WHAT THIS TASK INVOLVES:
Produce a verbatim copy of the data below that contains no pictures.

RECORDS:

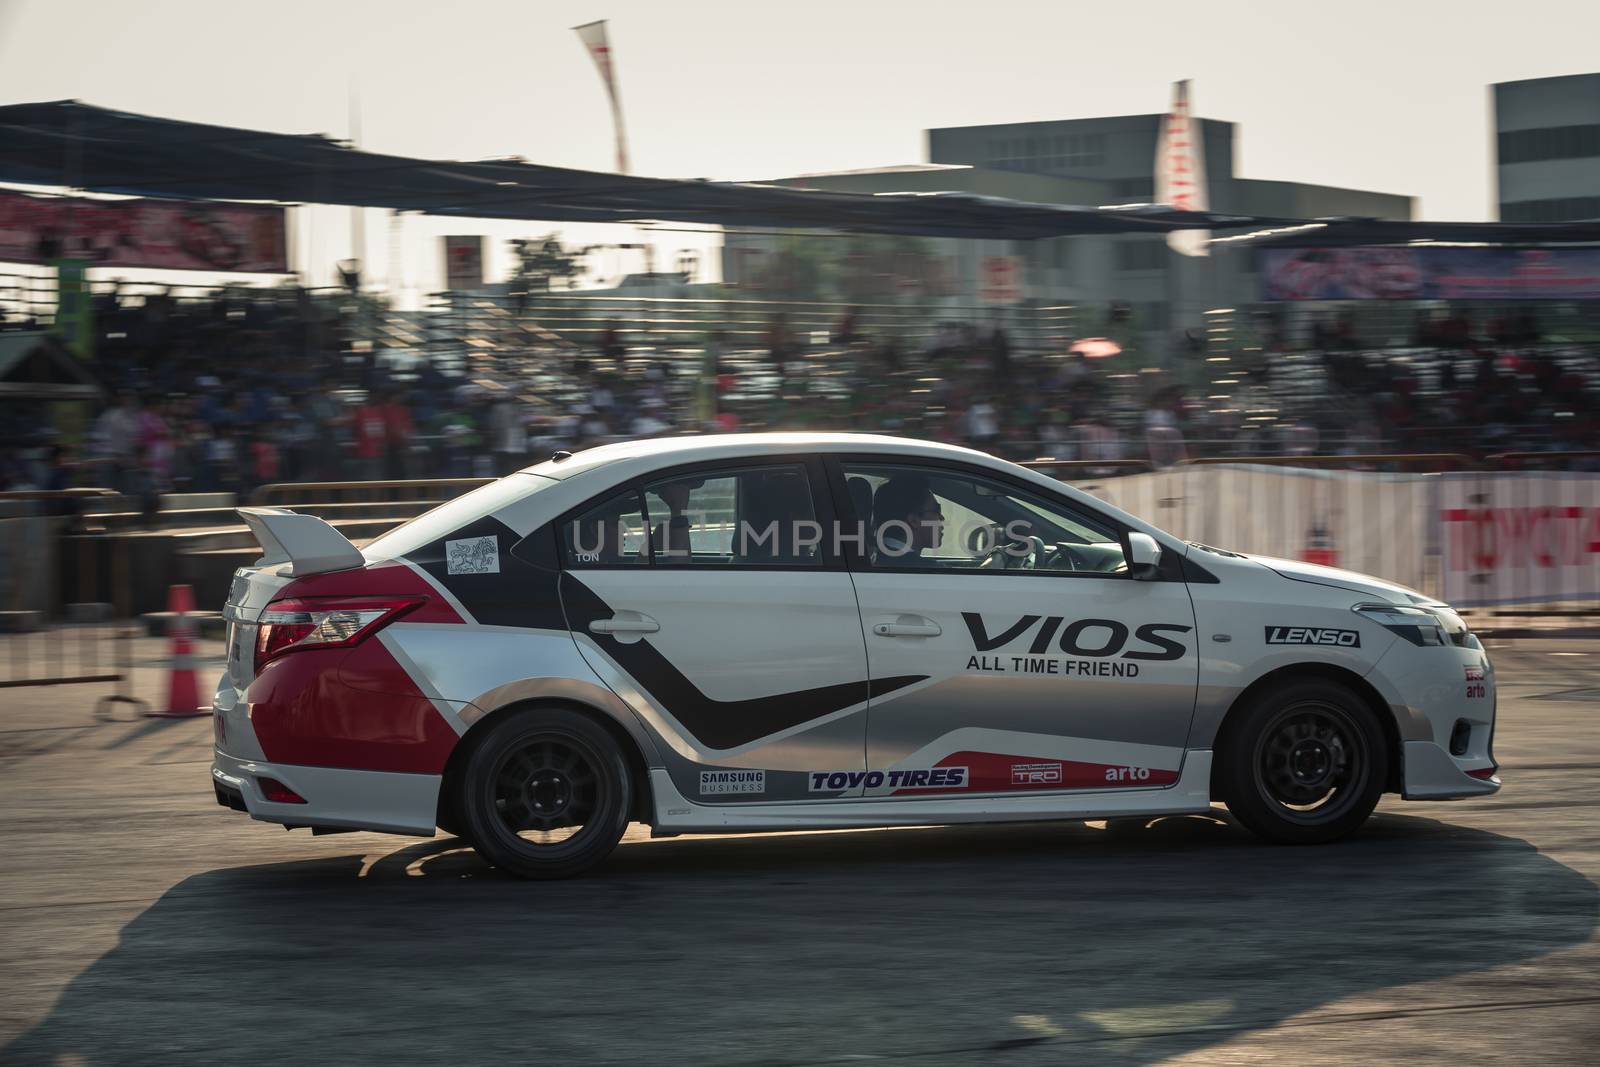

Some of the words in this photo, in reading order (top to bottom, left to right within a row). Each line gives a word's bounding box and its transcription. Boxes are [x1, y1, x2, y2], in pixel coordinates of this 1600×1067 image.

[576, 553, 600, 563] TON
[961, 612, 1193, 661] VIOS
[1268, 628, 1357, 646] LENSO
[966, 655, 1005, 671] ALL
[1012, 657, 1059, 674] TIME
[1066, 660, 1139, 678] FRIEND
[1466, 683, 1486, 698] arto
[702, 772, 763, 783] SAMSUNG
[812, 771, 885, 790] TOYO
[888, 768, 965, 787] TIRES
[1014, 771, 1059, 783] TRD
[1105, 766, 1150, 780] arto
[701, 783, 763, 793] BUSINESS
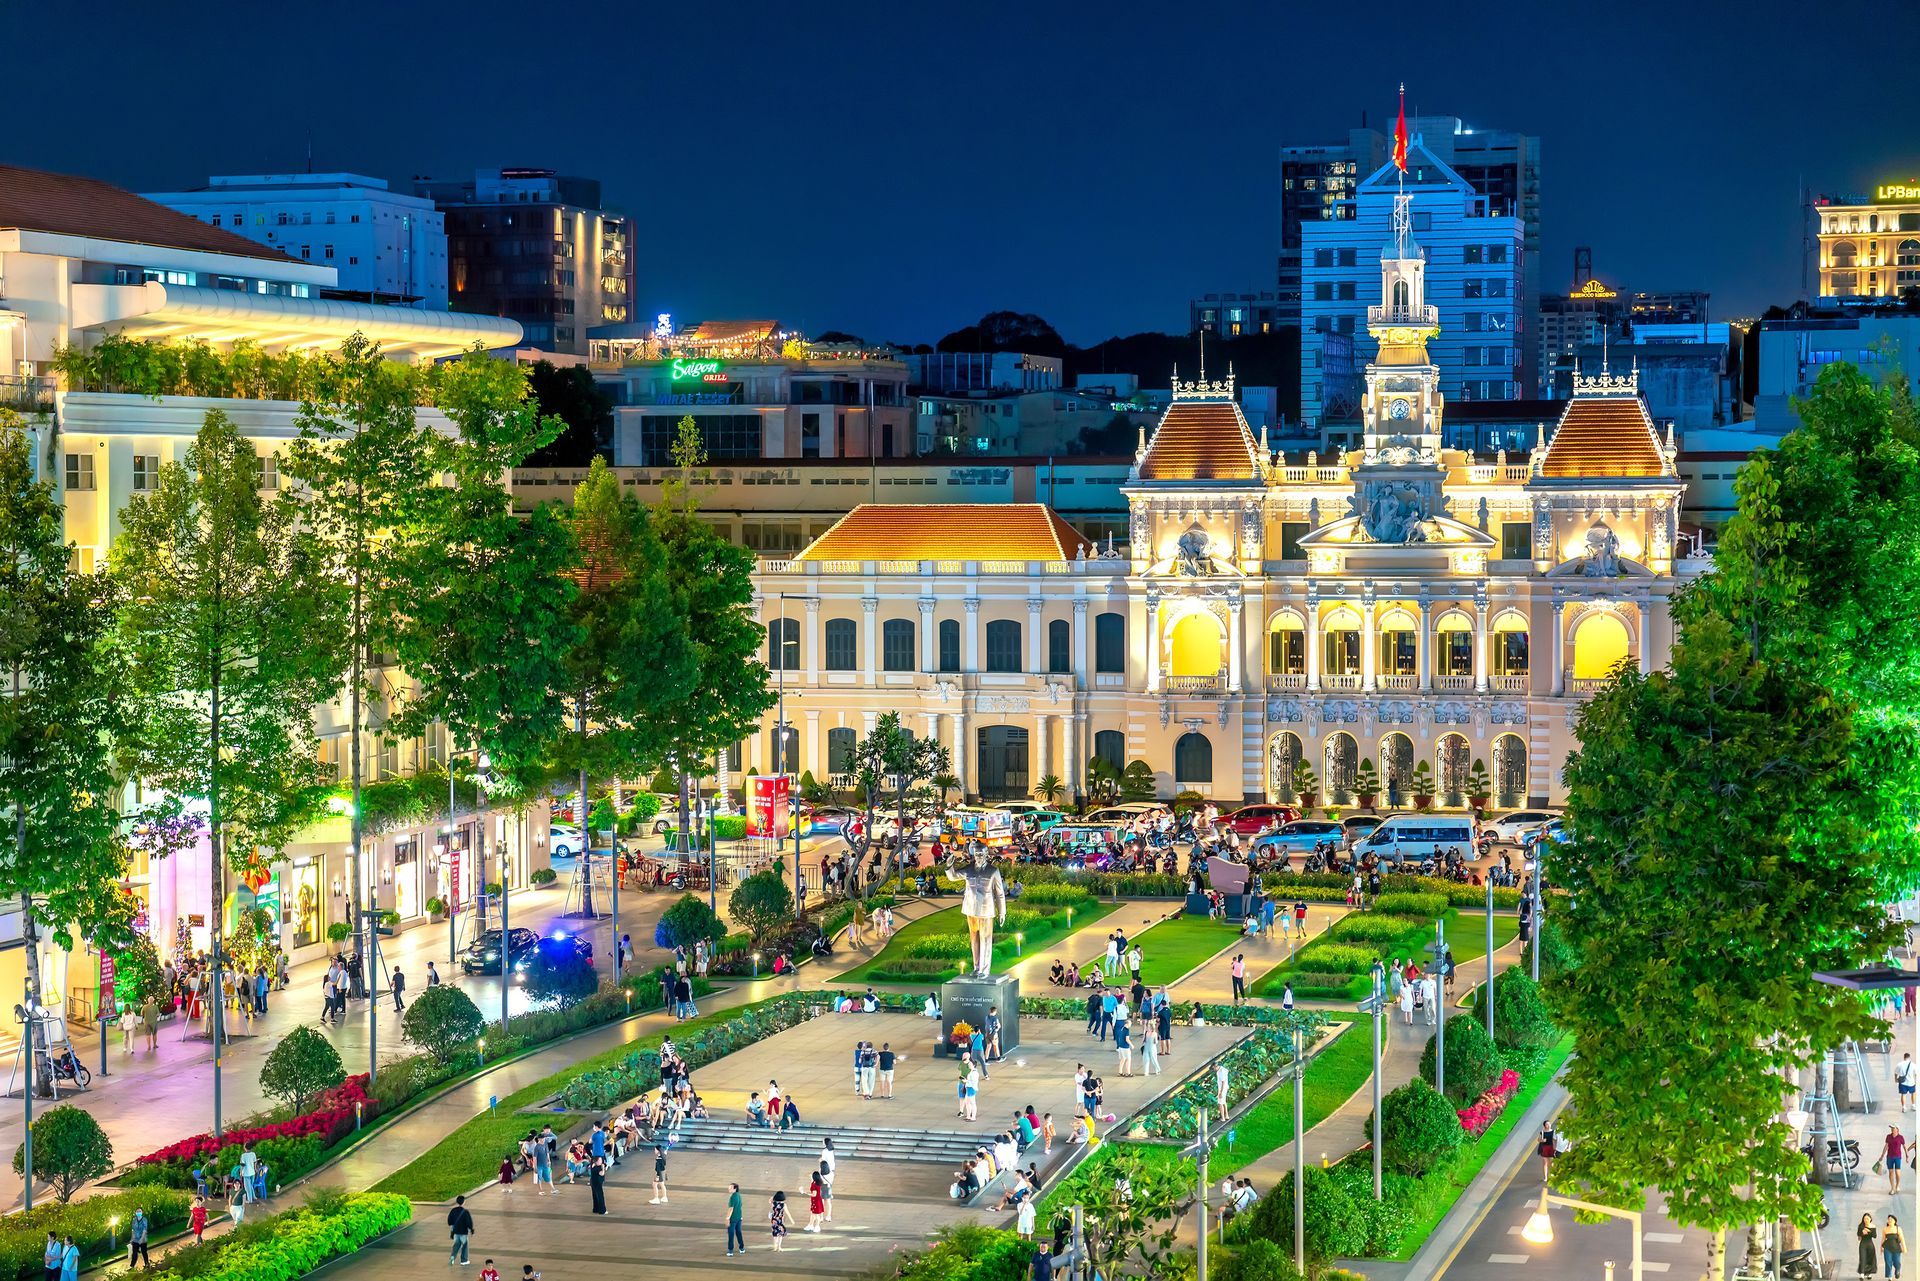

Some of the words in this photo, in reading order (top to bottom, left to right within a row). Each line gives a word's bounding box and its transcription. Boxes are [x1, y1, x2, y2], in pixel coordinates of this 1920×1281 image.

[1879, 186, 1920, 199] LPBan
[672, 358, 718, 380] Saigon
[703, 374, 728, 382] GRILL
[656, 394, 693, 405] MIRAE

TASK RESPONSE:
Some of the words in this photo, in reading order (top to bottom, left to right within a row). Each line gives a word's bounding box and its transcription. Boxes are [x1, y1, x2, y2], in pixel coordinates of this 1600×1067 image.

[576, 553, 600, 563] TON
[961, 612, 1193, 661] VIOS
[1268, 628, 1357, 646] LENSO
[966, 655, 1005, 671] ALL
[1012, 657, 1059, 674] TIME
[1066, 660, 1139, 678] FRIEND
[1466, 683, 1486, 698] arto
[702, 772, 763, 783] SAMSUNG
[812, 771, 885, 790] TOYO
[888, 768, 965, 787] TIRES
[1014, 771, 1059, 783] TRD
[1105, 766, 1150, 780] arto
[701, 783, 763, 793] BUSINESS

Some of the words in this photo, in reading order (top to bottom, left to right within a row). Each line gives a word's bounding box and its transcription. Boxes are [x1, y1, x2, y2], in pixel coordinates of this 1920×1281 image.

[1879, 186, 1920, 199] LPBan
[672, 358, 718, 380] Saigon
[703, 374, 728, 382] GRILL
[656, 394, 693, 405] MIRAE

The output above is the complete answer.